Wide ranging report covers a lot of ground. It sounds an optimistic note about biosimilars but is critical of white bagging.
Hospitals, health systems and other nonacute providers will spend 3.1% more on drugs next year, with oncology drugs accounting for roughly quarter of the expense, according to a report issued by Vizient today.
Vizient, historically a group purchasing organization for hospitals that now bills itself as healthcare performance improvement company, based the result on analysis of its members’ purchasing pharmaceutical data. The company, which is headquartered in Irving, Texas, also surveyed members about white bagging.
The report, titled the Summer 2021 Pharmacy Market Outlook, discusses the effect of the COVID-19 pandemic on drug expenditures and usage. Between April 2020 and March 2021, the hospitals and healthcare providers in Vizient’s drug purchasing database spent more money purchasing remdesivir, the antiviral sold under the brand name drug Veklury, than any other drug besides Humira (adalimumab), the immunosuppressive drug used to treat a variety of autoimmune diseases, and Keytruda (pembrolizumab), the leading drug among the new generation of cancer drugs that work by harnessing the immune system.
Vizient analyst also had access to a clinical database that included 436 hospitals to track the usage of COVID-19 medications. As the report notes, use of dexamethasone, a low-cost corticosteroid with anti-inflammatory effects, shot up in July 2020 after the report in June that it was effective in reducing mortality from COVID-19. Vizient’s data shows that by November, about 70% of hospitalized COVID-19 patients were treated with dexamethasone.
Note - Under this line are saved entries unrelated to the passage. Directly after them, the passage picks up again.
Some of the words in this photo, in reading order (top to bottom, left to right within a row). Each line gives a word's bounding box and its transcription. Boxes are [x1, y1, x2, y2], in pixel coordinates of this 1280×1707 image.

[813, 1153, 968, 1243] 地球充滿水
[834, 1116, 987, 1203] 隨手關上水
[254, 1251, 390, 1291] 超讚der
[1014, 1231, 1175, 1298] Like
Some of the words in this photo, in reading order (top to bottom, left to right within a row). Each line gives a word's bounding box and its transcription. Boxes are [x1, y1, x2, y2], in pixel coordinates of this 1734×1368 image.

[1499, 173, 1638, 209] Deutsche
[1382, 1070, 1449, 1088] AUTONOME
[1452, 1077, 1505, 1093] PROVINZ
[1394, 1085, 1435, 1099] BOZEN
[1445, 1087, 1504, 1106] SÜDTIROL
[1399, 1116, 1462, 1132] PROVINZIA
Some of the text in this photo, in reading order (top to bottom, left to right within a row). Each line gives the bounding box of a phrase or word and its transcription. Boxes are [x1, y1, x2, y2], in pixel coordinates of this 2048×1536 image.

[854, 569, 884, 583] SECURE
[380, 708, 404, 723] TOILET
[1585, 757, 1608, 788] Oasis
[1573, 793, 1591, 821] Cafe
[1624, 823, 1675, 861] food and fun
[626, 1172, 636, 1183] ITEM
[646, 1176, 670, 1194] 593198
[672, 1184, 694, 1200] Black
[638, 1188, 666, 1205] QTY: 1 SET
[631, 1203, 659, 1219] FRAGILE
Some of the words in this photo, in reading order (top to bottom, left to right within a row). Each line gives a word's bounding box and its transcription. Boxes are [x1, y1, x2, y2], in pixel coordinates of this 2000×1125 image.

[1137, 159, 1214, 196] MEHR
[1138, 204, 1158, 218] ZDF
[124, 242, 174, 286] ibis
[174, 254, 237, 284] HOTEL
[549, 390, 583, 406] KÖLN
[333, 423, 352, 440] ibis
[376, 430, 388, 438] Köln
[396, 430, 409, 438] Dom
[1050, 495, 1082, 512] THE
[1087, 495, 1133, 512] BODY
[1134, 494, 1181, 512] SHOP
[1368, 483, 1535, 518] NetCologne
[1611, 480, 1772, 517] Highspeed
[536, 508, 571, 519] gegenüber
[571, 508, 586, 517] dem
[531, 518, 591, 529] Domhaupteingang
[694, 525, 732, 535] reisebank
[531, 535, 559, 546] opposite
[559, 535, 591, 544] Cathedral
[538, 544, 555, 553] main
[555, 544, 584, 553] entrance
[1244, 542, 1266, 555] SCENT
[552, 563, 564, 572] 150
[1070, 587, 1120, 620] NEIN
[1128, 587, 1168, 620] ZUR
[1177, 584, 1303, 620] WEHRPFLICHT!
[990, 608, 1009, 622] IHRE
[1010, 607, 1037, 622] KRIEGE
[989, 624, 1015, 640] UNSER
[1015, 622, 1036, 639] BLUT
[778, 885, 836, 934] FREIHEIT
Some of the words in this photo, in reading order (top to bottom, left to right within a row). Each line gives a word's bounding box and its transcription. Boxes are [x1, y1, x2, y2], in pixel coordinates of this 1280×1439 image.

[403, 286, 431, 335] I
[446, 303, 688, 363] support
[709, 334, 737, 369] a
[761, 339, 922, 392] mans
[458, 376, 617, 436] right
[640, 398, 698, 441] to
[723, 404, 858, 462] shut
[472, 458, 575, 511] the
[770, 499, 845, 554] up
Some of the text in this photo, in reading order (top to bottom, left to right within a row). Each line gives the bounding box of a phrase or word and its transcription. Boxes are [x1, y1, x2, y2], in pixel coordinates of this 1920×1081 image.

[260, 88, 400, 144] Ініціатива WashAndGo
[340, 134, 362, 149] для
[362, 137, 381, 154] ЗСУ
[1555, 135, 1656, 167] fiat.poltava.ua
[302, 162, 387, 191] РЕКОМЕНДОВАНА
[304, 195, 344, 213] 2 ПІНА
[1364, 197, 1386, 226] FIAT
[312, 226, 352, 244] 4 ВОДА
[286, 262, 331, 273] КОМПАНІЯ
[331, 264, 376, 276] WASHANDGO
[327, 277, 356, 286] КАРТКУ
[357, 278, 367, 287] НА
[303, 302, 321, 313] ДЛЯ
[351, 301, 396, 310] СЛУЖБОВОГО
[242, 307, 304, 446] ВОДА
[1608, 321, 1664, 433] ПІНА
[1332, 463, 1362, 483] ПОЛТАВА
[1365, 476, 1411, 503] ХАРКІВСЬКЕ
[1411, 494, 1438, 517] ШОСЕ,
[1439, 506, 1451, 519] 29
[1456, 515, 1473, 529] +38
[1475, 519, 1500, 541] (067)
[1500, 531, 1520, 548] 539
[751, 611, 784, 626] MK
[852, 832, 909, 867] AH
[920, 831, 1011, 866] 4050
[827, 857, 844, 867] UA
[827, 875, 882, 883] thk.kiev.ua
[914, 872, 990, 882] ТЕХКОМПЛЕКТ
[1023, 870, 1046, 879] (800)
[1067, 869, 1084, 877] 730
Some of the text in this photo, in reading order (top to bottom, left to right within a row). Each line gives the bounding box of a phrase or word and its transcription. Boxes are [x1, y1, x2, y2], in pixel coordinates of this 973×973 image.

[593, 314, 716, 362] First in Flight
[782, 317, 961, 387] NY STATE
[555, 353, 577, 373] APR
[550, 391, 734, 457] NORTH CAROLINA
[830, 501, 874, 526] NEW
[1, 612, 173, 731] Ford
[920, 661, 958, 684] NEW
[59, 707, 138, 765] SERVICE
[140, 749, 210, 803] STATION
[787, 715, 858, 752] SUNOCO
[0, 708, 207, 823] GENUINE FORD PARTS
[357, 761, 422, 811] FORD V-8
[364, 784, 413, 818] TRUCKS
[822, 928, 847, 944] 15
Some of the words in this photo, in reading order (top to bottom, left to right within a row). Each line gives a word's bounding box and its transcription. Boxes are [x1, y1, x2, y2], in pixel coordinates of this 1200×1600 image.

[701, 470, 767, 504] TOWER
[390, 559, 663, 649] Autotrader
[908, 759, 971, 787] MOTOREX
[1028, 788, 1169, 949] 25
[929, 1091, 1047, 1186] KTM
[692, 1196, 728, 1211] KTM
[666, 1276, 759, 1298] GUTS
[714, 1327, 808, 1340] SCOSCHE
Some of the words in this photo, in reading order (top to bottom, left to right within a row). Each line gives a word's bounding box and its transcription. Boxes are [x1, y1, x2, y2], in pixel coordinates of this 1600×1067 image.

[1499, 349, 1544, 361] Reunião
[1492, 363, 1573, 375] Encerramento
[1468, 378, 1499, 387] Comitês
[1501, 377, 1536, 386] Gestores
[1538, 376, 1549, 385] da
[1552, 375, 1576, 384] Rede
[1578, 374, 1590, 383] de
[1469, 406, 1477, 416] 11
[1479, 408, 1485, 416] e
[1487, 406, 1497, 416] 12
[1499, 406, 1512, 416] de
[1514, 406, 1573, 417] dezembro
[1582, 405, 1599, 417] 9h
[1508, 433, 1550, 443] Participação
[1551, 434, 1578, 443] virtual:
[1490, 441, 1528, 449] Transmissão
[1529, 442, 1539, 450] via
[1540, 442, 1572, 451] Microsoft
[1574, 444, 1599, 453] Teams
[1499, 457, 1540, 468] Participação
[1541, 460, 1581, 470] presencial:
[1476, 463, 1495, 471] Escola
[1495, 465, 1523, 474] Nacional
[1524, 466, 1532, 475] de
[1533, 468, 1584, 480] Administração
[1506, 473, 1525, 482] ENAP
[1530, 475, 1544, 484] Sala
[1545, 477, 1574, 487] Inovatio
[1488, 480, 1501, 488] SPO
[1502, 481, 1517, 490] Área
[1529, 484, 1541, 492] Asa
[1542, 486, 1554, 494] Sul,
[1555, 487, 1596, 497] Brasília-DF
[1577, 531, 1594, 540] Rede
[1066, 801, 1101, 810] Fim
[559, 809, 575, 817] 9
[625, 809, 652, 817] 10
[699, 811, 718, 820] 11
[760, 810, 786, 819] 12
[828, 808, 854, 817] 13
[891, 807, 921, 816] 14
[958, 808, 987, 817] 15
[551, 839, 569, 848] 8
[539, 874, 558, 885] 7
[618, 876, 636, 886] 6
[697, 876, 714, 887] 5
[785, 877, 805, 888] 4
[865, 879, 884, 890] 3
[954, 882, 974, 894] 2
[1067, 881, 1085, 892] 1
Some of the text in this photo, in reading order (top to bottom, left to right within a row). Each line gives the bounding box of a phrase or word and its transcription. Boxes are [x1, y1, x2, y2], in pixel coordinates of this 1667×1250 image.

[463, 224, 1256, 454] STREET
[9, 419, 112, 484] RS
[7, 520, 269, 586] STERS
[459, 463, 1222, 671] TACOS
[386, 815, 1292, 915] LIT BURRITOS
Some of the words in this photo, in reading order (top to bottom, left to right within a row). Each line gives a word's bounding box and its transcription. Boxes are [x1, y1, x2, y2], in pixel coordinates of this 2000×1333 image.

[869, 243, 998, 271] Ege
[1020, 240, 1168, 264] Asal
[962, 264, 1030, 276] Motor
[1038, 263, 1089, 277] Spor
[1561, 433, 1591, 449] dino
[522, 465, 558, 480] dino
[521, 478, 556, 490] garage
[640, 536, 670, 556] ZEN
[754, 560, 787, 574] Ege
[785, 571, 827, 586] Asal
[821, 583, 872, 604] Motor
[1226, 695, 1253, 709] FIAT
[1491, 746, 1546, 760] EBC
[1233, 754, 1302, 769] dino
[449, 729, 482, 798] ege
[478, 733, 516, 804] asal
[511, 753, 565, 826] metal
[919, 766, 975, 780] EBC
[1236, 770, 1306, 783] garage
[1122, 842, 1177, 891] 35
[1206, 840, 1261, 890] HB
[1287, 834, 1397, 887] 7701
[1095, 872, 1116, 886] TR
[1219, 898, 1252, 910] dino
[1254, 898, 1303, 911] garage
The Vizient data also show steep climb in the use of remdesivir starting in May, the month that the FDA issued an emergency use authorization for the drug.
The Vizient identifies specialty drug as a major factor hospital and other provider organization spending, with spending expected to increase by 4.68%. FDA approval of increasing number of drugs for rare diseases and Humira price hikes prior to 2023 when biosimilars to Humira are scheduled to come on the market are the main reasons for the upward trend, said the press release about the report.
The report sounded an optimistic note about insulin and biosimilar competition. Early last year, insulins were reclassified in such a way as to open them up to biosimilar competition, Vizient noted. The report also mentions the possibility that Viatris, a spin-off company from Pfizer, is seeking FDA approval for versions of insulin glargine and insulin aspart that would be interchangeable with their reference products.
Related:How ‘White Bagging’ Affects Patients, Physicians and 340B Funding
The Vizient report covers a wide range of topics from overall spending patterns to white bagging to FDA’s accelerated approval pathway and the use of surrogate markers.